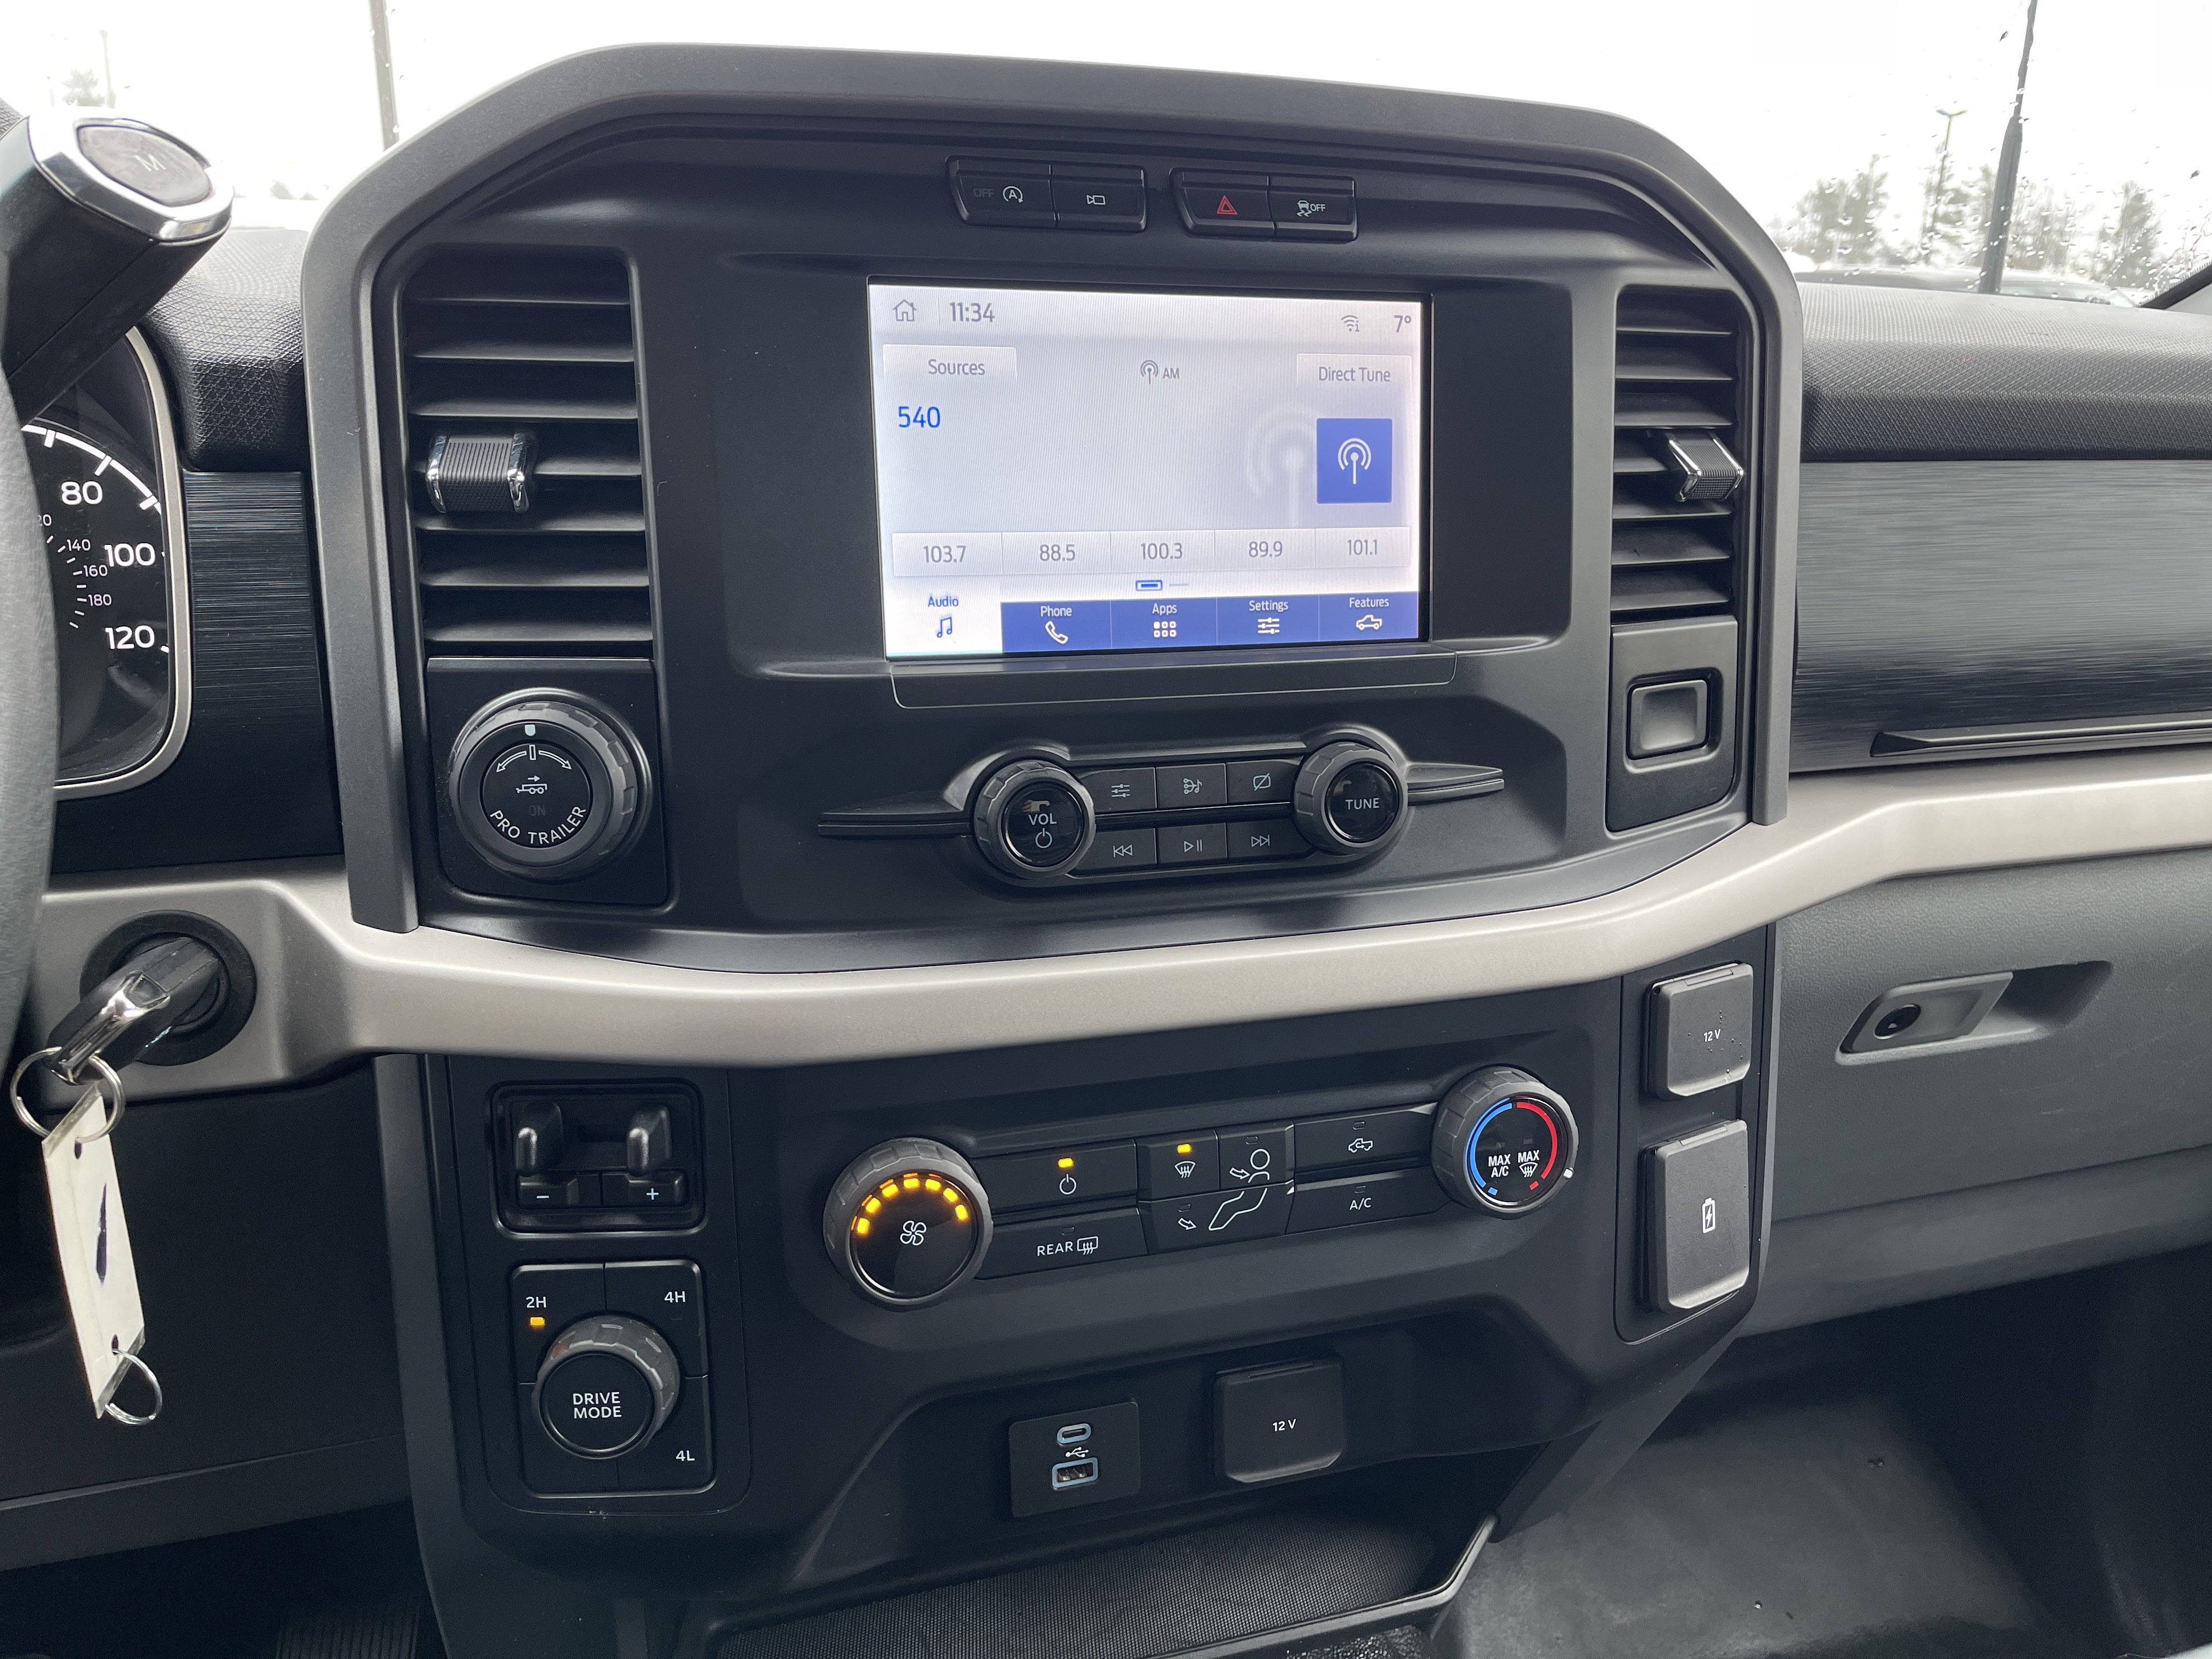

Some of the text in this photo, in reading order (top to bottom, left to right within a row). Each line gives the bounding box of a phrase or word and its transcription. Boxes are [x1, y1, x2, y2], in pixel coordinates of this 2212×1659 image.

[134, 154, 167, 171] M
[973, 188, 995, 198] OFF
[1310, 204, 1325, 212] OFF
[950, 302, 995, 323] 11:34
[928, 359, 985, 376] Sources
[1163, 367, 1180, 380] AM
[1318, 366, 1391, 382] Direct Tune
[898, 406, 940, 429] 540
[61, 481, 103, 505] 80
[67, 539, 91, 551] 140
[1140, 542, 1183, 560] 100.3
[1248, 540, 1283, 557] 89.9
[1347, 539, 1378, 556] 101.1
[104, 543, 155, 567] 100
[923, 545, 966, 563] 103.7
[1039, 544, 1075, 561] 88.5
[83, 565, 108, 577] 160
[88, 594, 111, 606] 180
[927, 595, 958, 608] Audio
[1249, 599, 1288, 613] Settings
[1348, 596, 1389, 608] Features
[1040, 605, 1072, 618] Phone
[1152, 602, 1177, 617] Apps
[105, 625, 155, 649] 120
[1345, 797, 1380, 810] TUNE
[529, 805, 545, 816] ON
[490, 806, 586, 844] PRO TRAILER
[1029, 814, 1056, 825] VOL
[1488, 1150, 1539, 1167] MAX MAX
[1491, 1166, 1509, 1177] A/C
[1350, 1198, 1371, 1210] A/C
[1037, 1242, 1074, 1256] REAR
[526, 1296, 546, 1309] 2H
[664, 1291, 686, 1304] 4H
[573, 1392, 620, 1405] DRIVE
[574, 1406, 622, 1418] MODE
[676, 1450, 695, 1462] 4L

|---|

Problem: Please copy out each line above exactly as written, but not the pictures.

Task result:
Some of the text in this photo, in reading order (top to bottom, left to right within a row). Each line gives the bounding box of a phrase or word and its transcription. Boxes are [x1, y1, x2, y2], in pixel coordinates of this 2212×1659 image.

[134, 154, 167, 171] M
[973, 188, 995, 198] OFF
[1310, 204, 1325, 212] OFF
[950, 302, 995, 323] 11:34
[928, 359, 985, 376] Sources
[1163, 367, 1180, 380] AM
[1318, 366, 1391, 382] Direct Tune
[898, 406, 940, 429] 540
[61, 481, 103, 505] 80
[67, 539, 91, 551] 140
[1140, 542, 1183, 560] 100.3
[1248, 540, 1283, 557] 89.9
[1347, 539, 1378, 556] 101.1
[104, 543, 155, 567] 100
[923, 545, 966, 563] 103.7
[1039, 544, 1075, 561] 88.5
[83, 565, 108, 577] 160
[88, 594, 111, 606] 180
[927, 595, 958, 608] Audio
[1249, 599, 1288, 613] Settings
[1348, 596, 1389, 608] Features
[1040, 605, 1072, 618] Phone
[1152, 602, 1177, 617] Apps
[105, 625, 155, 649] 120
[1345, 797, 1380, 810] TUNE
[529, 805, 545, 816] ON
[490, 806, 586, 844] PRO TRAILER
[1029, 814, 1056, 825] VOL
[1488, 1150, 1539, 1167] MAX MAX
[1491, 1166, 1509, 1177] A/C
[1350, 1198, 1371, 1210] A/C
[1037, 1242, 1074, 1256] REAR
[526, 1296, 546, 1309] 2H
[664, 1291, 686, 1304] 4H
[573, 1392, 620, 1405] DRIVE
[574, 1406, 622, 1418] MODE
[676, 1450, 695, 1462] 4L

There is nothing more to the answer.